There’s a lot of political concern in Washington about public anxiety about budget deficits. Substantively, the public’s concerns don’t really make sense, as deficit-reduction amidst a severe recession will only make the recession more severe. But Stan Collender, whose deficit hawk credentials should not be in question, observes that the political problem is largely a mirage as well:
If you look beyond the very short-term, the deficit situation will begin to turnaround next year, that is, before the election. Under current forecasts, the deficit will fall by a record amount from 2009 to 2010. It will still be high by virtually anyone’s standards — probably around $1 trillion or so. But the big change in the right direction will give the White House the breathing room it needs and alter the politics substantially. Anyone want to bet that there will be a cover story somewhere next year calling Obama the deficit killer?
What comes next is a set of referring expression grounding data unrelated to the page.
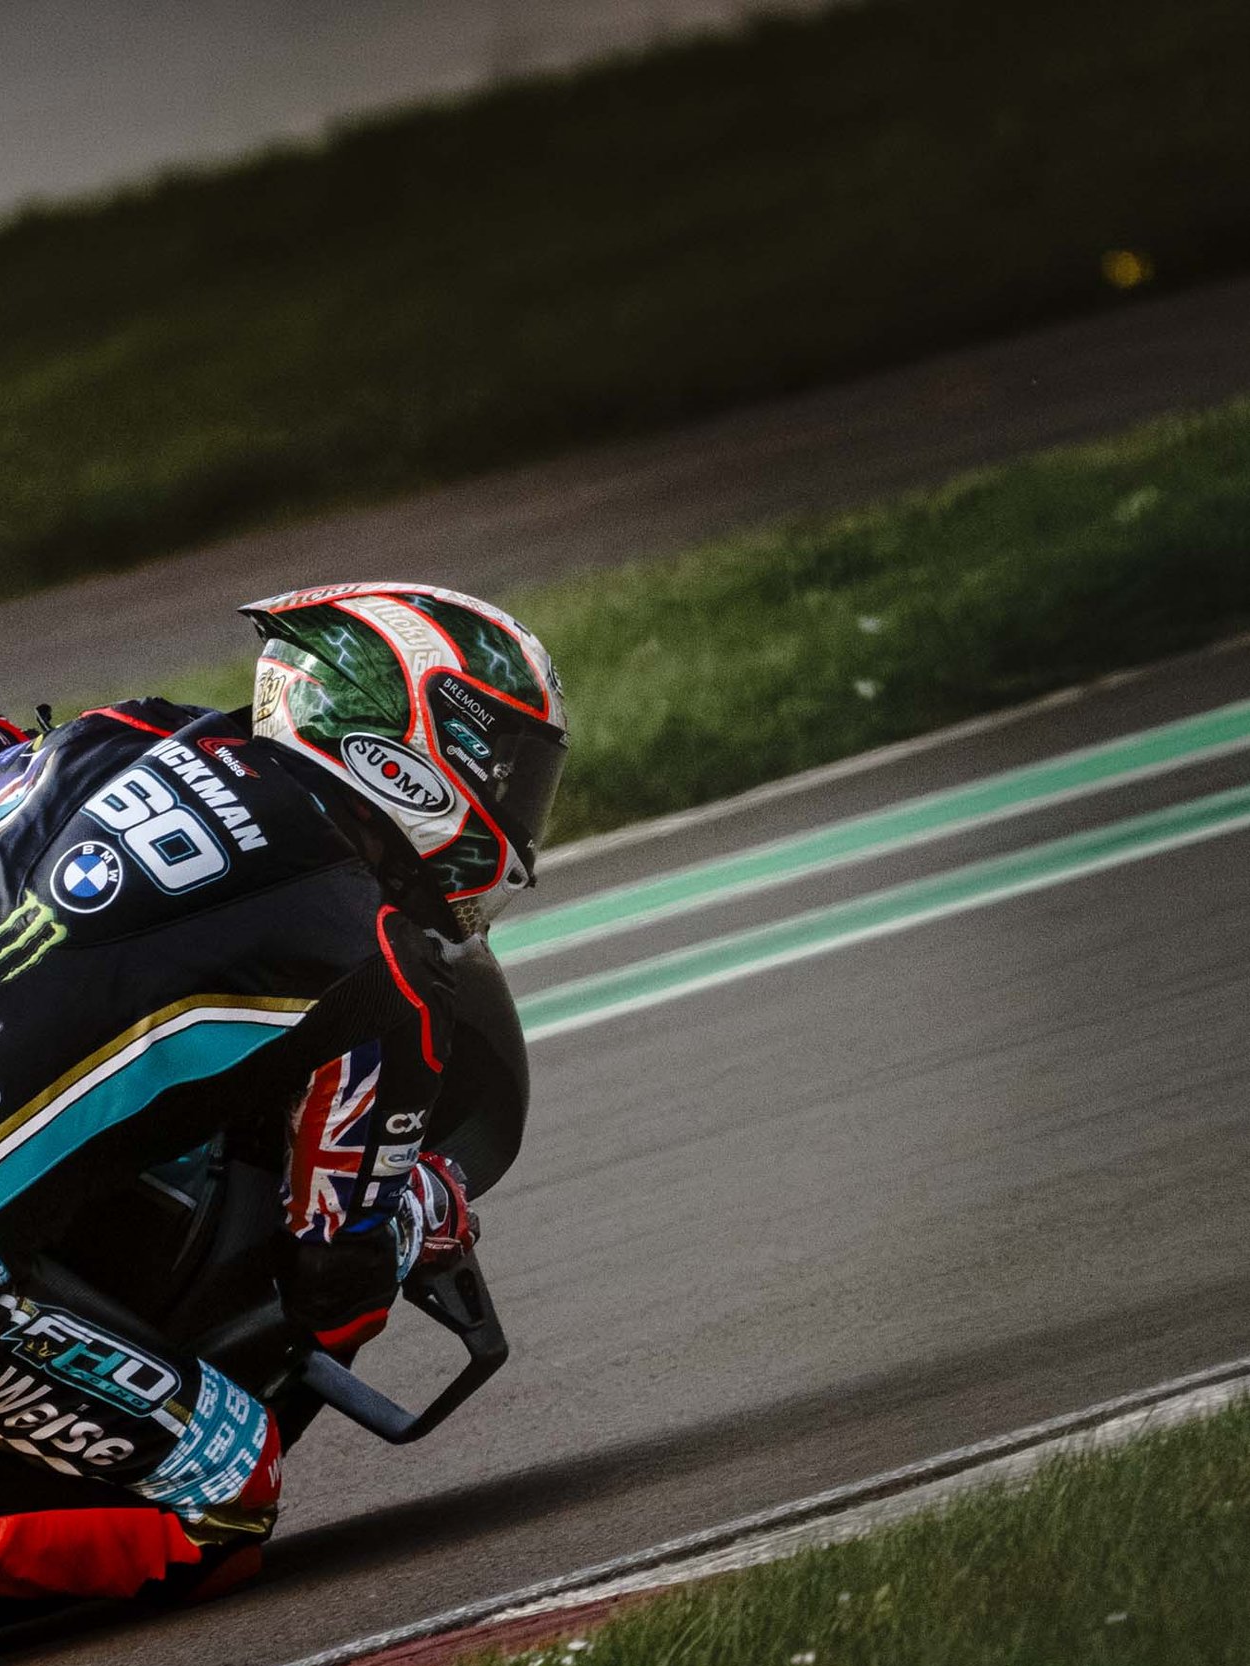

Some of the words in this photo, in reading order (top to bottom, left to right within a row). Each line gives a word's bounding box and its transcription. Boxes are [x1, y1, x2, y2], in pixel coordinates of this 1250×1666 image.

[443, 678, 495, 725] BREMONT
[214, 746, 246, 777] Weise
[81, 766, 230, 894] 60
[22, 1314, 177, 1402] FHO
[62, 1363, 147, 1409] RACING
This will, of course, not be a substantive fix for anything. But the nominal deficit reduction will, indeed, be huge. As the economy recovers, tax revenues will rise, social safety net outlays will fall, and stimulus measures will begin to tamp down. If we can assume further growth in 2011, the complete expiry of Recovery Act provisions, and the winding down of the Iraq War, that’ll be further deficit reduction. On the merits, people would still do well to be concerned about the deficit further out when, in the absence of structural reform of the health care sector, Medicare costs will bury us all. But in the short term, things are going to look worse than they really are in 2009 and then look better than they really are in 2010. And of course people vote in the even-numbered years.